(Text-to-region grounding data)
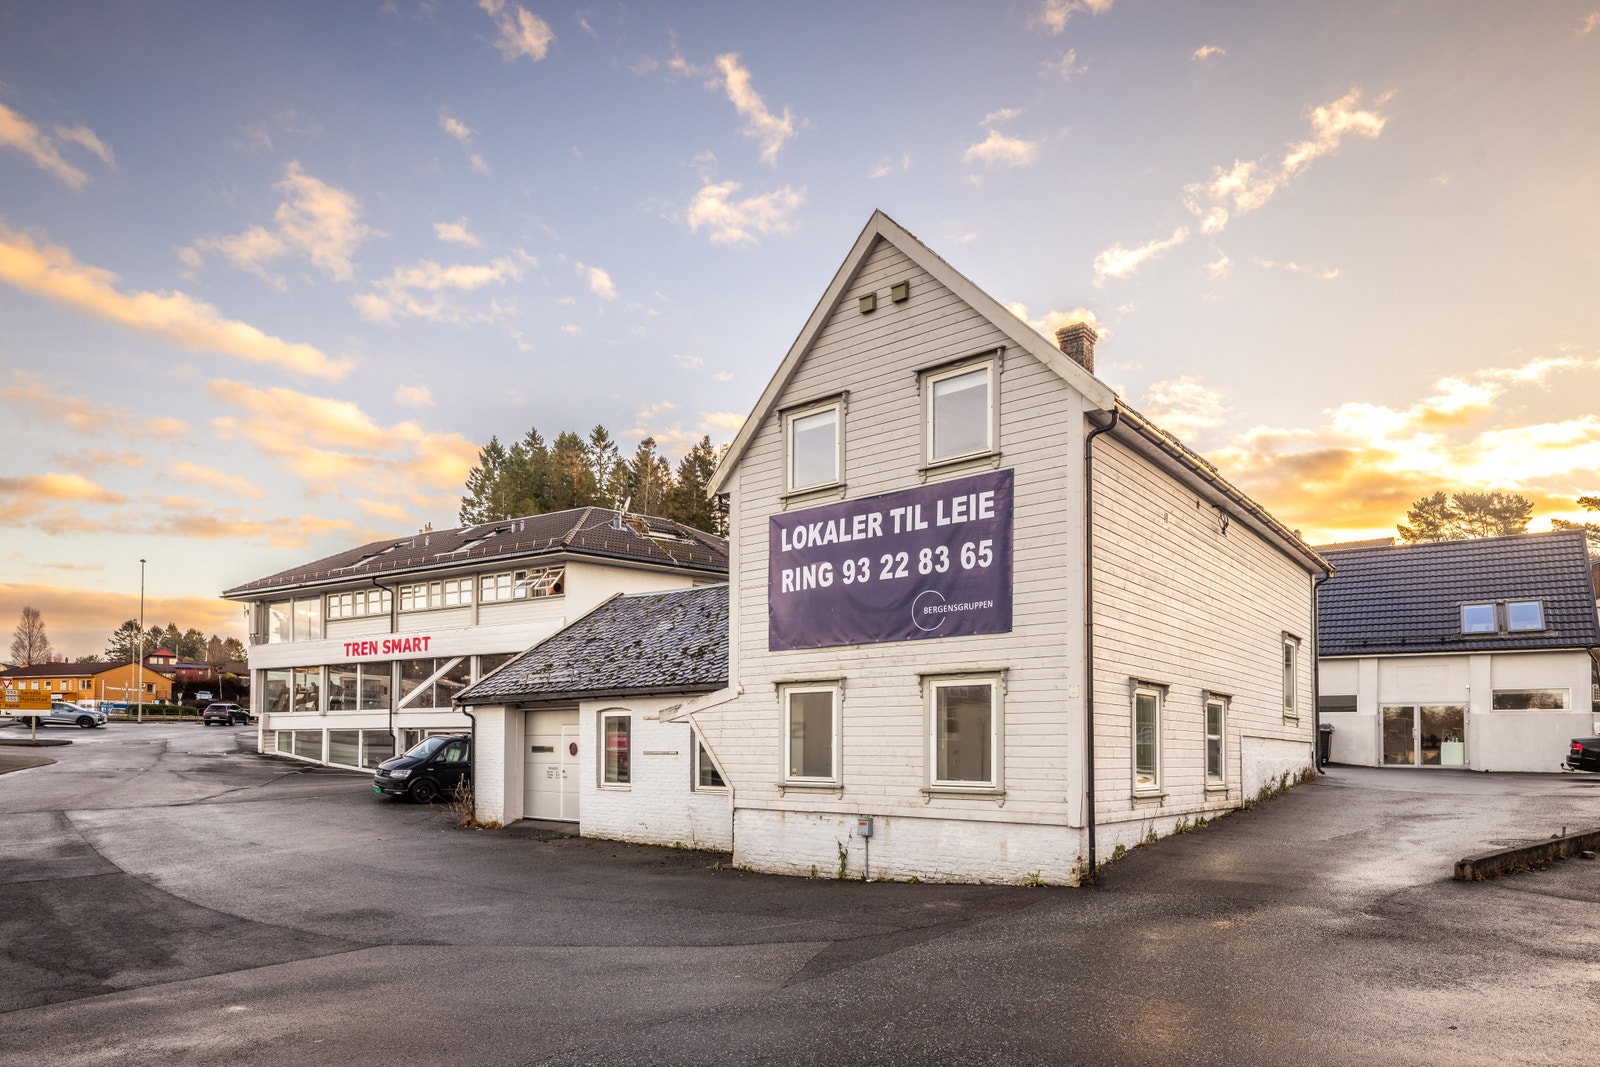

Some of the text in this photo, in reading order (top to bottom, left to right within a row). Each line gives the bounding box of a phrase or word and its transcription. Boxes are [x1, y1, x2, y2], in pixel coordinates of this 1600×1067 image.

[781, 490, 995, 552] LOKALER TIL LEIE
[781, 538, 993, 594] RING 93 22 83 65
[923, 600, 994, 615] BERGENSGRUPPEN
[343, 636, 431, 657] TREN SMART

TASK REQUIREMENTS ->
Could the entries be output exactly as written, but without their images?

OUTPUT OF THE TASK ->
Some of the text in this photo, in reading order (top to bottom, left to right within a row). Each line gives the bounding box of a phrase or word and its transcription. Boxes are [x1, y1, x2, y2], in pixel coordinates of this 1600×1067 image.

[781, 490, 995, 552] LOKALER TIL LEIE
[781, 538, 993, 594] RING 93 22 83 65
[923, 600, 994, 615] BERGENSGRUPPEN
[343, 636, 431, 657] TREN SMART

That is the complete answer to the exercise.